# Problem to work on
A faithful copy of the data below is required, leaving out every picture.

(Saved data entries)
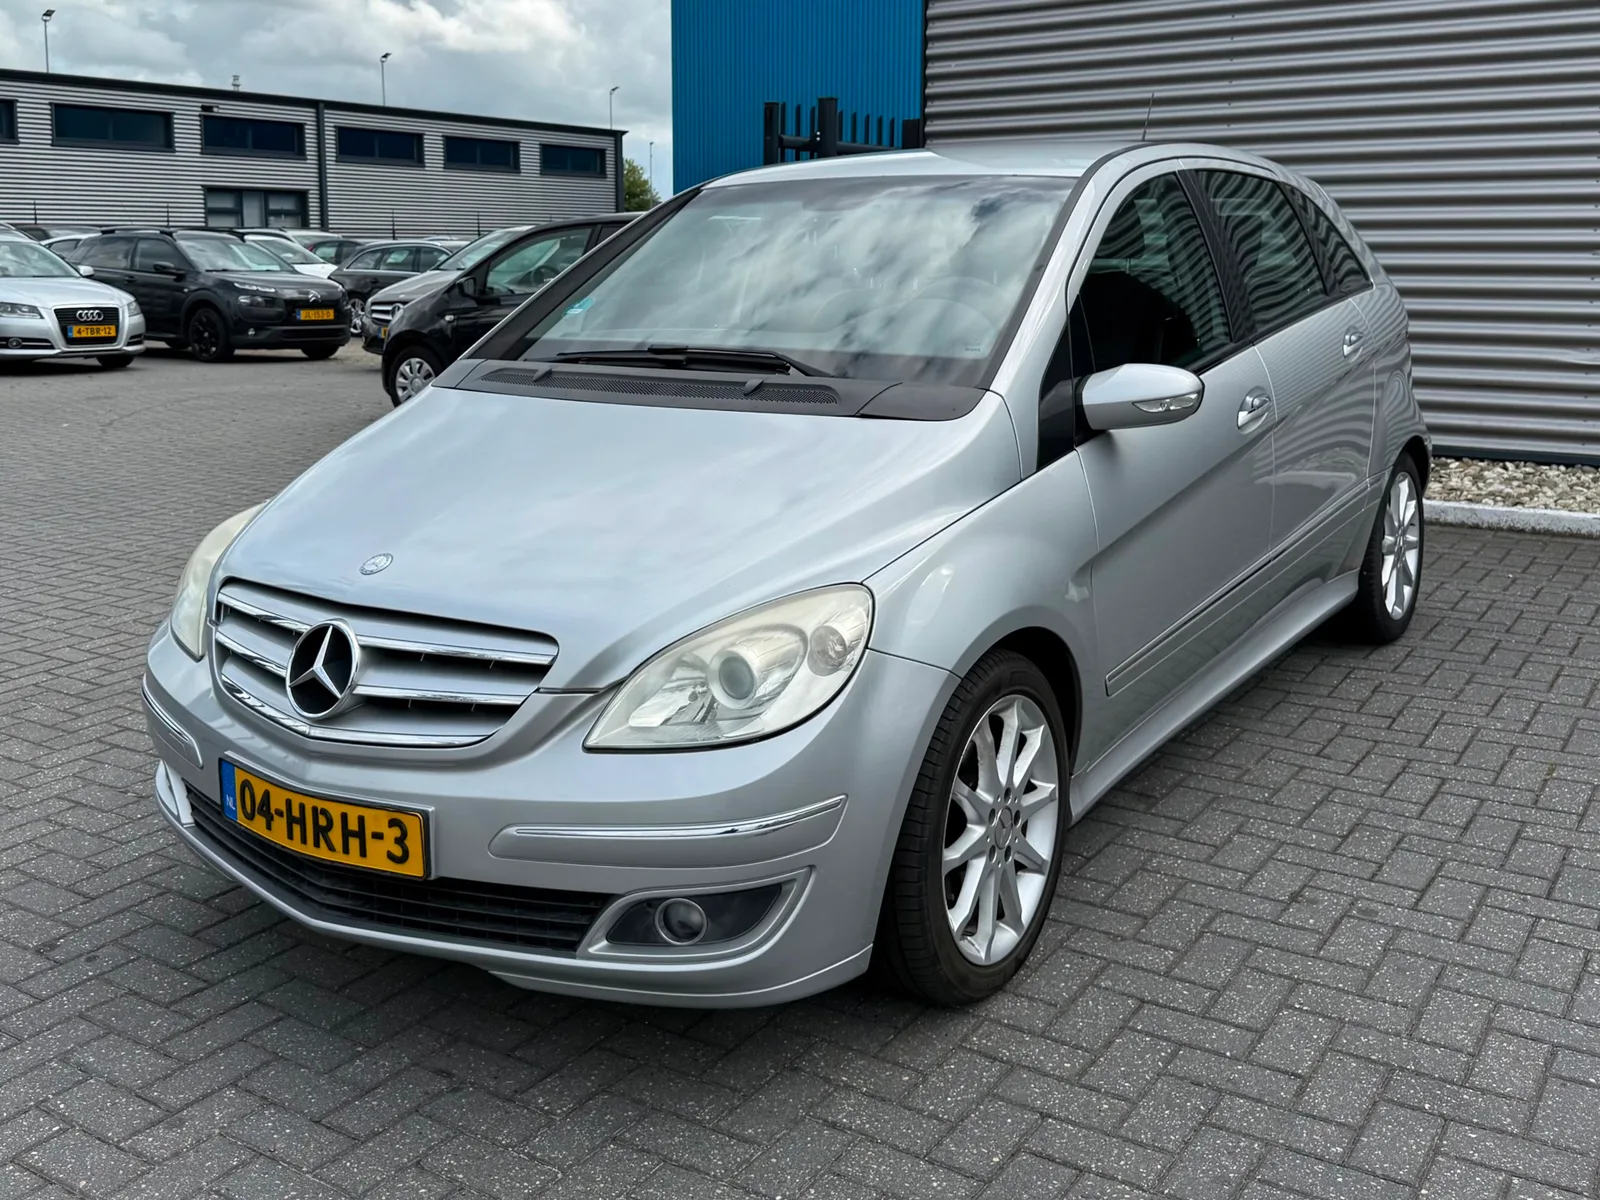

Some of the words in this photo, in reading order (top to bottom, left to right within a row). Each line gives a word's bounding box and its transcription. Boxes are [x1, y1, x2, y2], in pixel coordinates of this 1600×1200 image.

[76, 326, 112, 336] 4-TBR-12
[226, 794, 236, 810] NL
[239, 778, 410, 865] 04-HRH-3
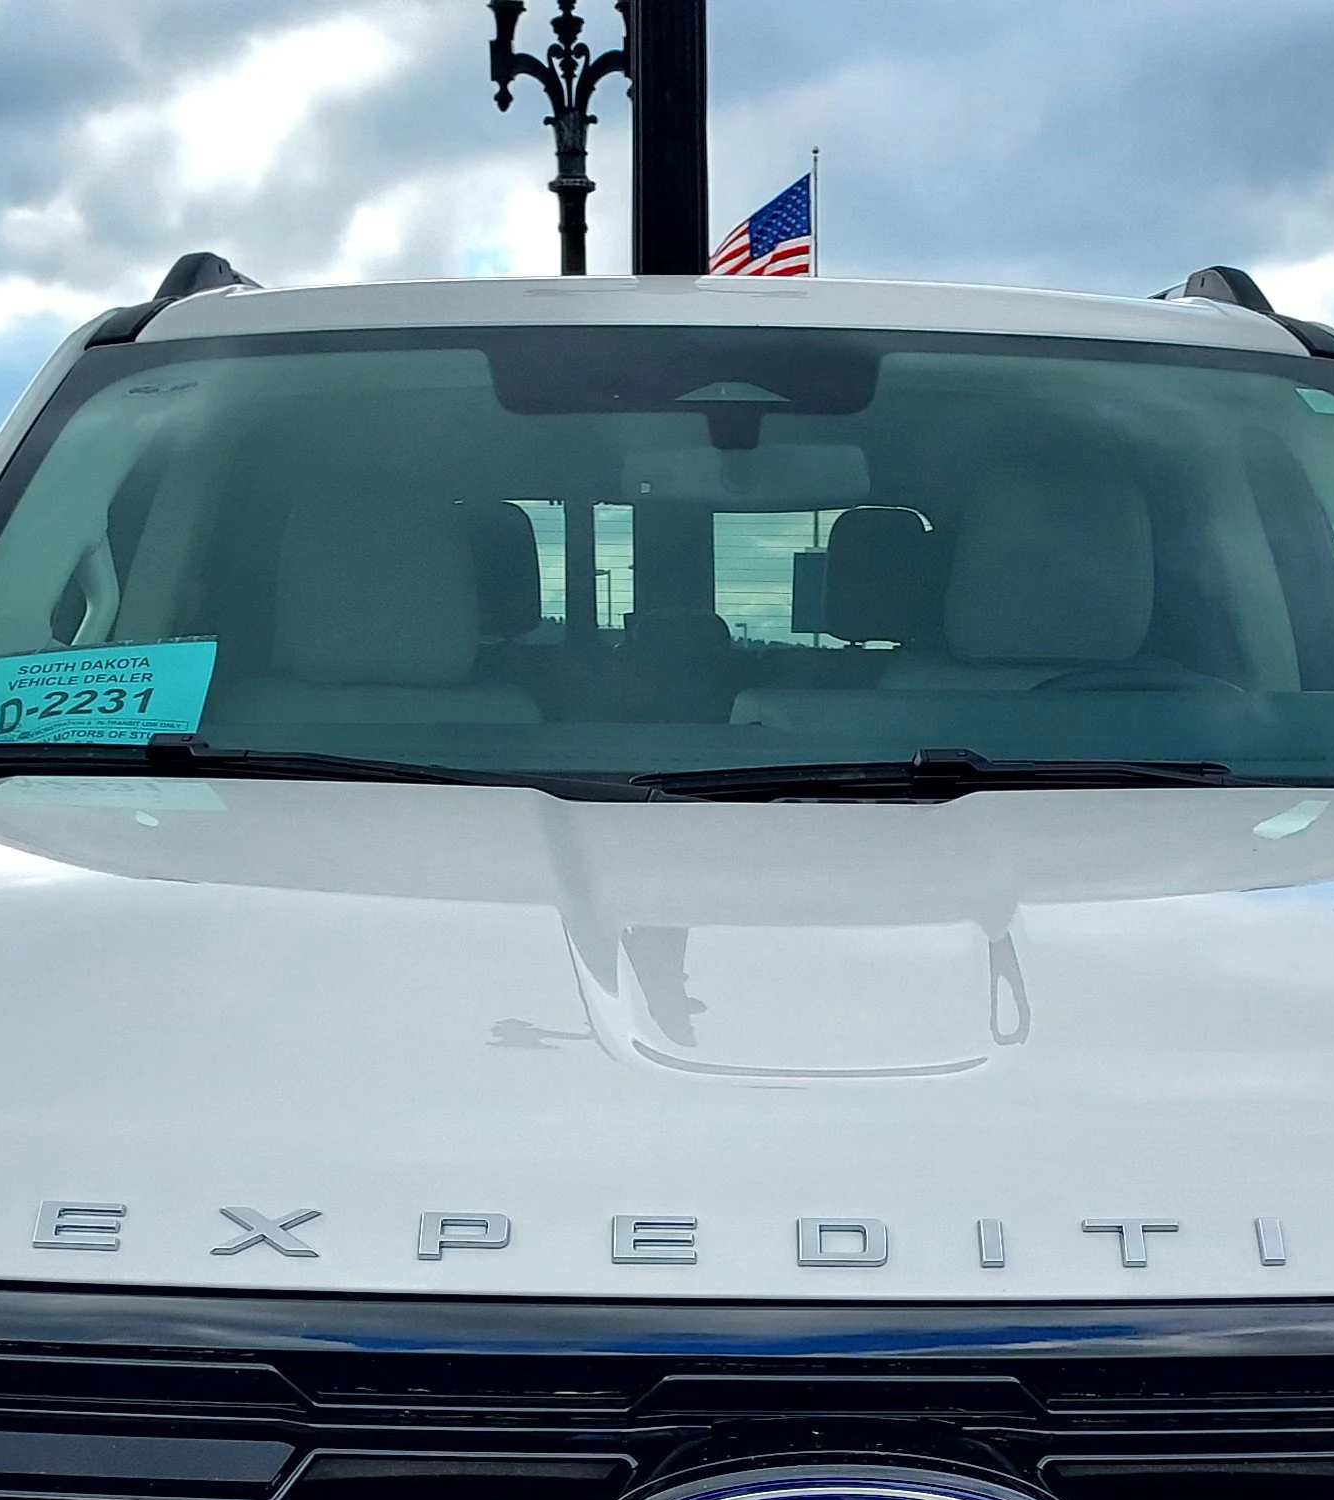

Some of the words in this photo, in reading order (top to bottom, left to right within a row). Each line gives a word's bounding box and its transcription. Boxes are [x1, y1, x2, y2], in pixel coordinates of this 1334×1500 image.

[17, 661, 77, 675] SOUTH
[80, 656, 150, 672] DAKOTA
[8, 676, 79, 691] VEHICLE
[83, 672, 153, 684] DEALER
[108, 730, 125, 739] OF
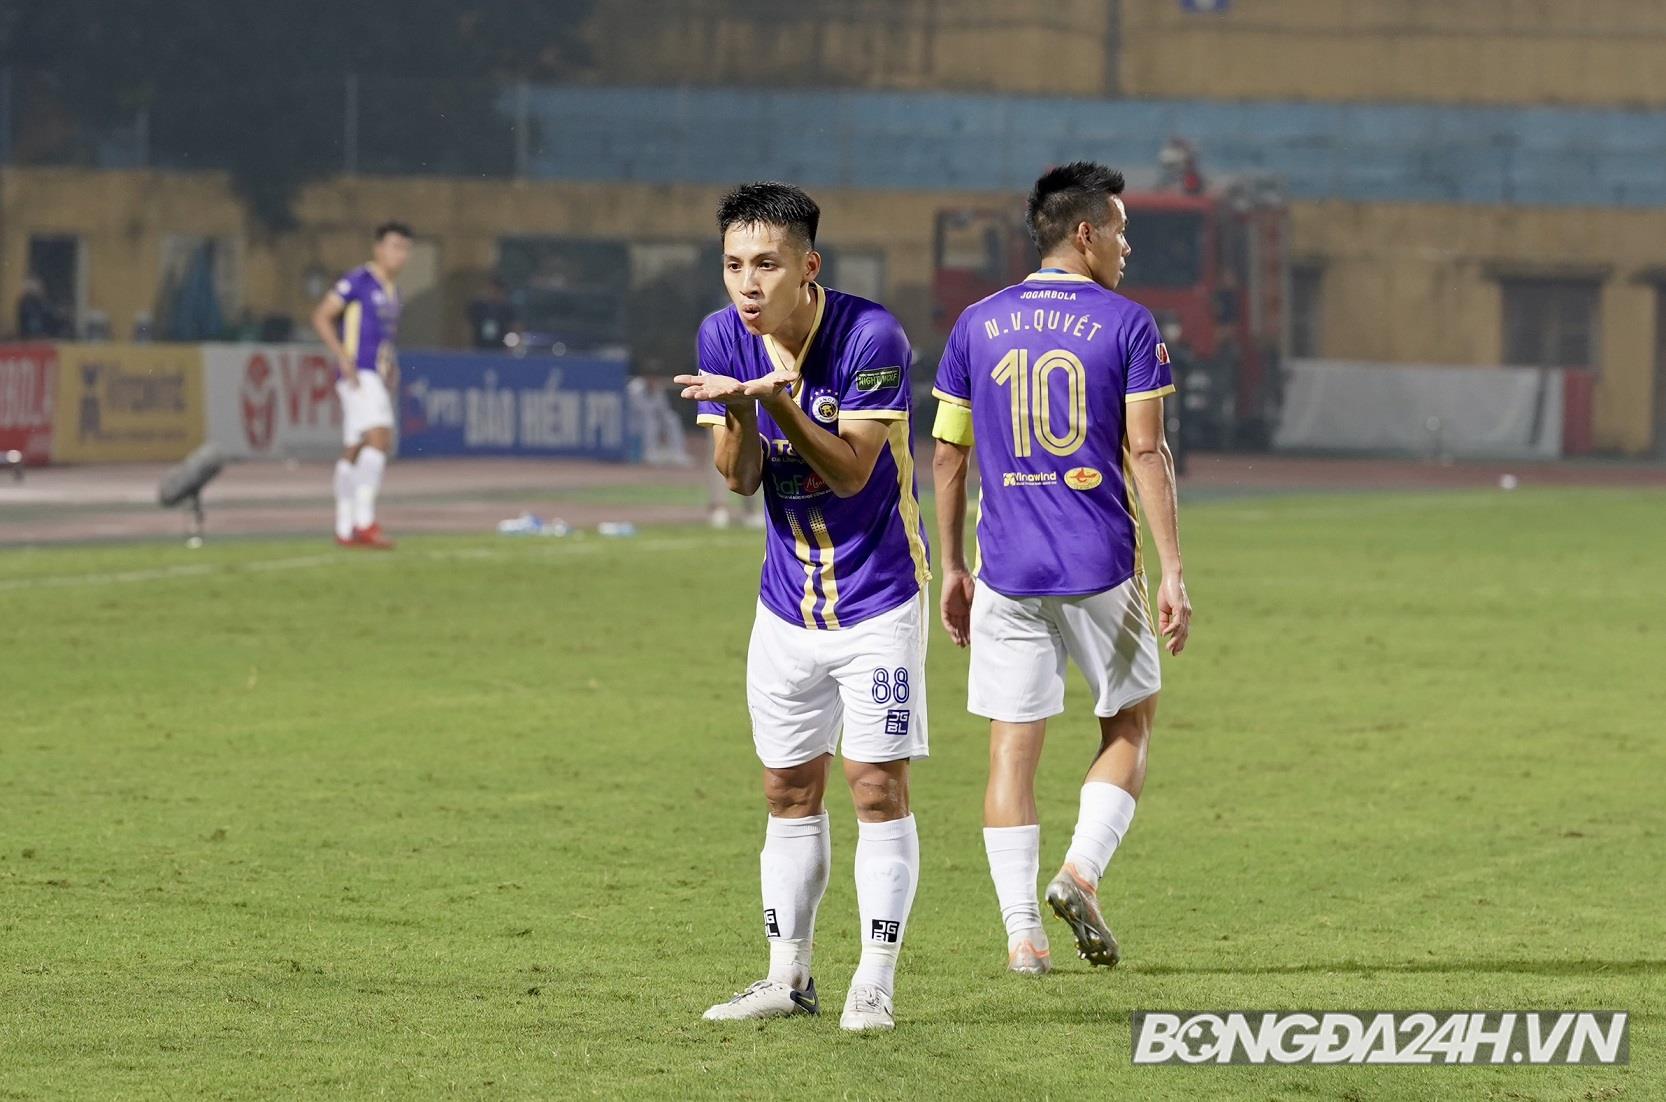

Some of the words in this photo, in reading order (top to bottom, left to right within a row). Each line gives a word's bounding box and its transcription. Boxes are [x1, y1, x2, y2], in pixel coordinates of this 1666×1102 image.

# Written solution
Some of the words in this photo, in reading order (top to bottom, left to right within a row). Each line gives a word's bounding box and its transcription. Boxes are [x1, y1, x2, y2], in pixel coordinates of this 1600×1200 image.

[76, 326, 112, 336] 4-TBR-12
[226, 794, 236, 810] NL
[239, 778, 410, 865] 04-HRH-3

Some of the words in this photo, in reading order (top to bottom, left to right within a row). Each line gives a word's bounding box and its transcription. Boxes are [x1, y1, x2, y2], in pixel coordinates of this 1334×1500 image.

[17, 661, 77, 675] SOUTH
[80, 656, 150, 672] DAKOTA
[8, 676, 79, 691] VEHICLE
[83, 672, 153, 684] DEALER
[108, 730, 125, 739] OF

Some of the words in this photo, in reading order (top to bottom, left to right within a row). Each line gives a word's bounding box and its transcription. Boxes are [x1, y1, x2, y2], in pixel coordinates of this 1666×1102 image.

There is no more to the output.